Segment Open

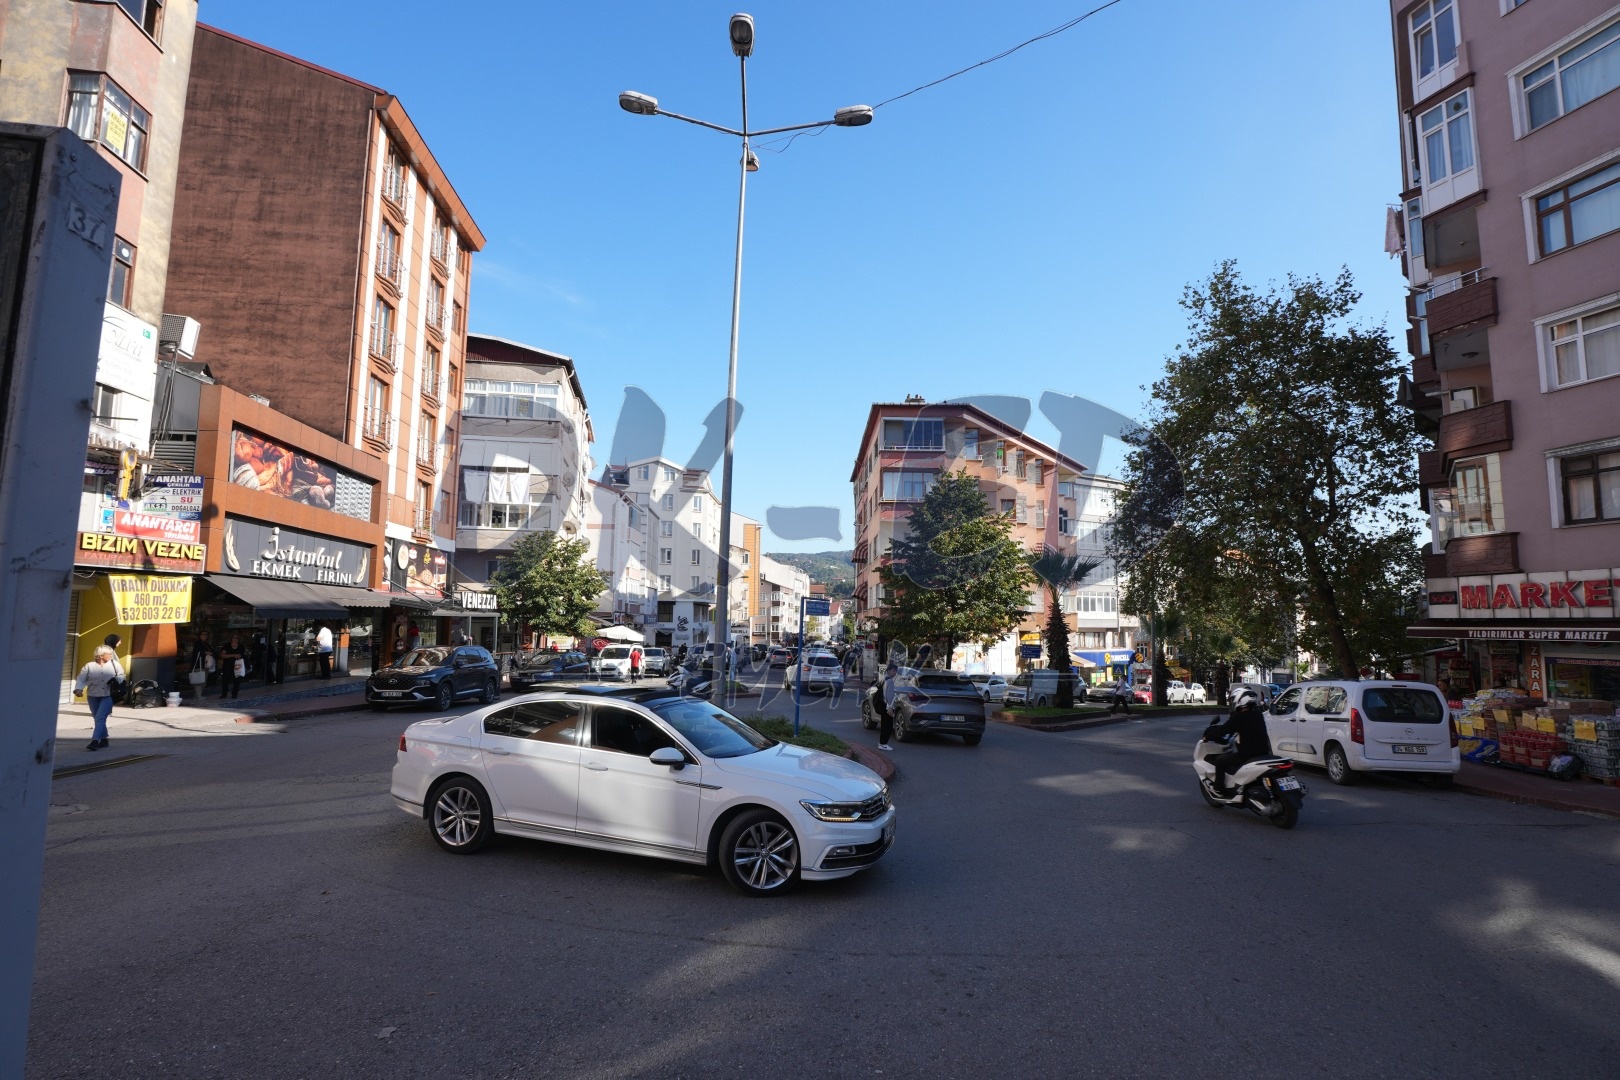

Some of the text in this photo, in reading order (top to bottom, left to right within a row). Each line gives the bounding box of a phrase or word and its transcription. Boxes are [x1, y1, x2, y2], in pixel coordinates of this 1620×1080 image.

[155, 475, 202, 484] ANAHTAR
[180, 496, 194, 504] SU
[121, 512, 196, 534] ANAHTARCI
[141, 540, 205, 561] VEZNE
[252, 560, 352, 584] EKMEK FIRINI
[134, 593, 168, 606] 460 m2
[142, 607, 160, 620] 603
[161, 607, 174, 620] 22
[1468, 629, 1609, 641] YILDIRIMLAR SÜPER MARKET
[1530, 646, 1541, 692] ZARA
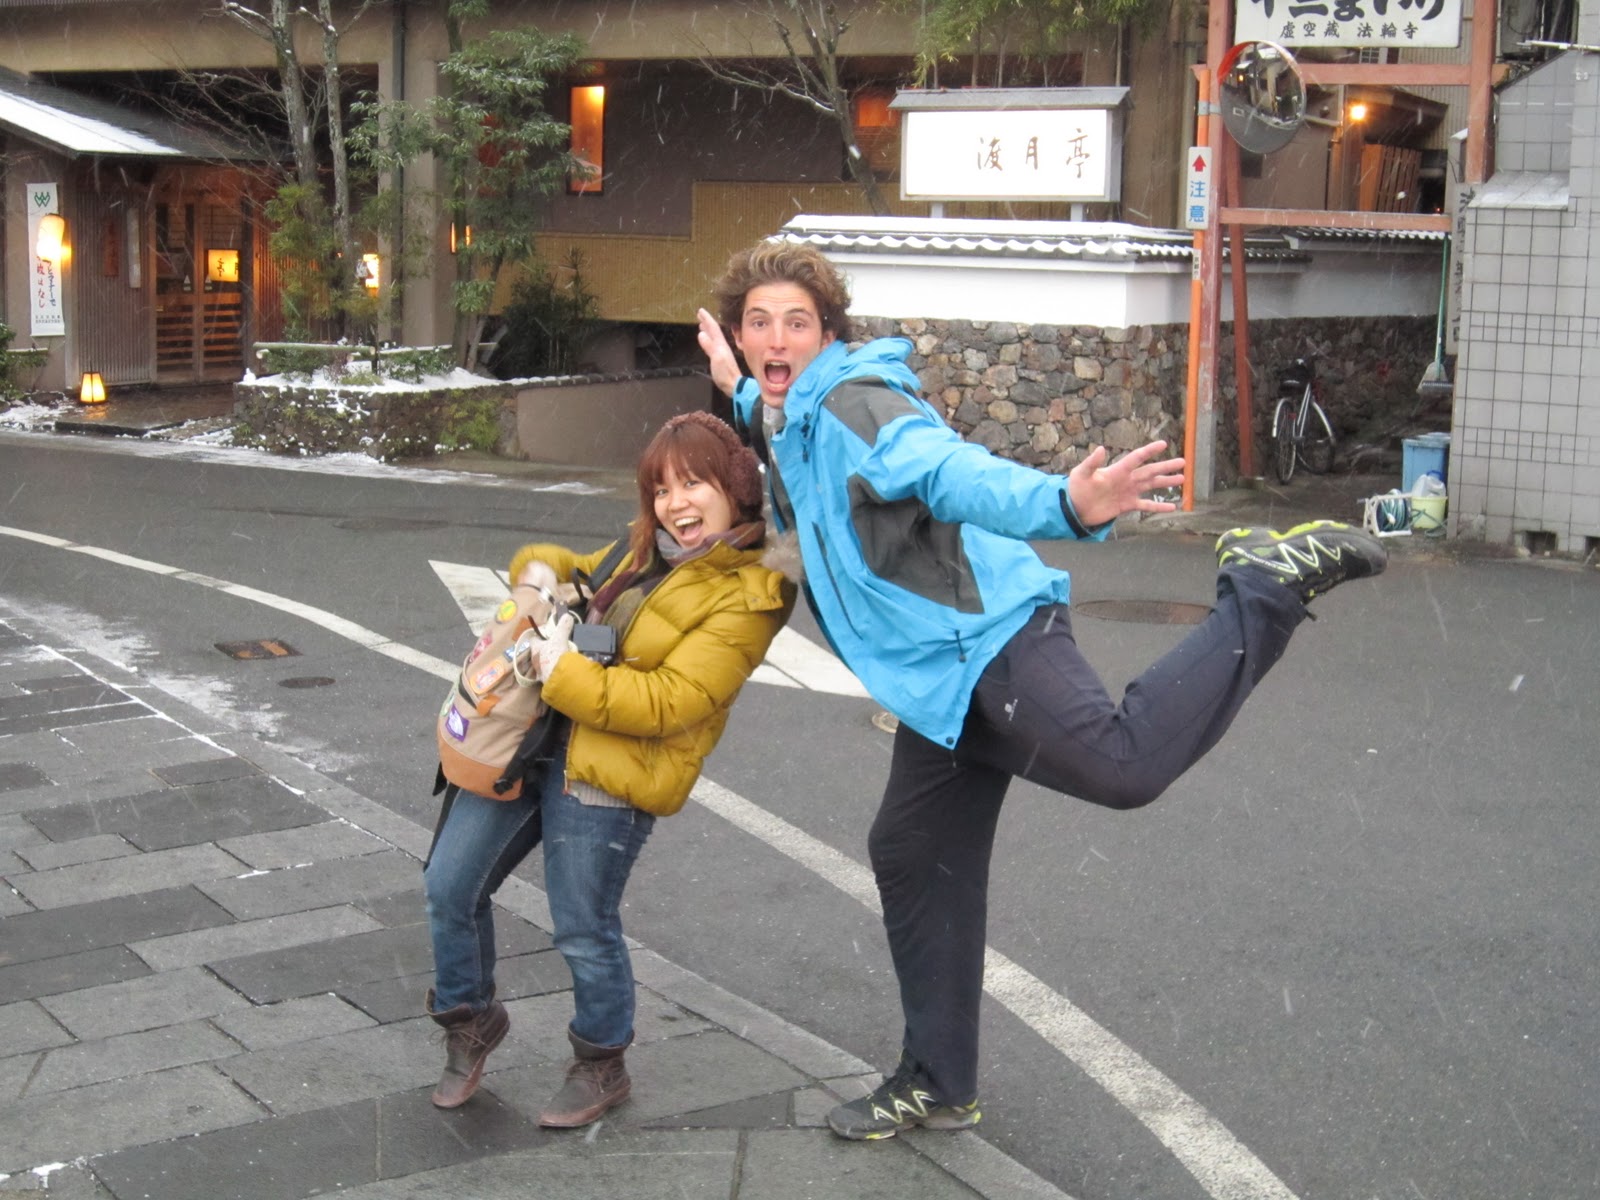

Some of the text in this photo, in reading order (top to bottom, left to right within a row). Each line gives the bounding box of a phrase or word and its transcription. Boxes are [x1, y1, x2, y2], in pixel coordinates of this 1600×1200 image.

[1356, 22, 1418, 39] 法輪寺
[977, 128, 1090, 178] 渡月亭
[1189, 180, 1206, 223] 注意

Segment Closed

▸ **What you need to do**
In your copy, repeat each record exactly and include no pictures.

▸ **Task solution**
Some of the text in this photo, in reading order (top to bottom, left to right within a row). Each line gives the bounding box of a phrase or word and its transcription. Boxes are [x1, y1, x2, y2], in pixel coordinates of this 1620×1080 image.

[155, 475, 202, 484] ANAHTAR
[180, 496, 194, 504] SU
[121, 512, 196, 534] ANAHTARCI
[141, 540, 205, 561] VEZNE
[252, 560, 352, 584] EKMEK FIRINI
[134, 593, 168, 606] 460 m2
[142, 607, 160, 620] 603
[161, 607, 174, 620] 22
[1468, 629, 1609, 641] YILDIRIMLAR SÜPER MARKET
[1530, 646, 1541, 692] ZARA

Some of the text in this photo, in reading order (top to bottom, left to right within a row). Each line gives the bounding box of a phrase or word and its transcription. Boxes are [x1, y1, x2, y2], in pixel coordinates of this 1600×1200 image.

[1356, 22, 1418, 39] 法輪寺
[977, 128, 1090, 178] 渡月亭
[1189, 180, 1206, 223] 注意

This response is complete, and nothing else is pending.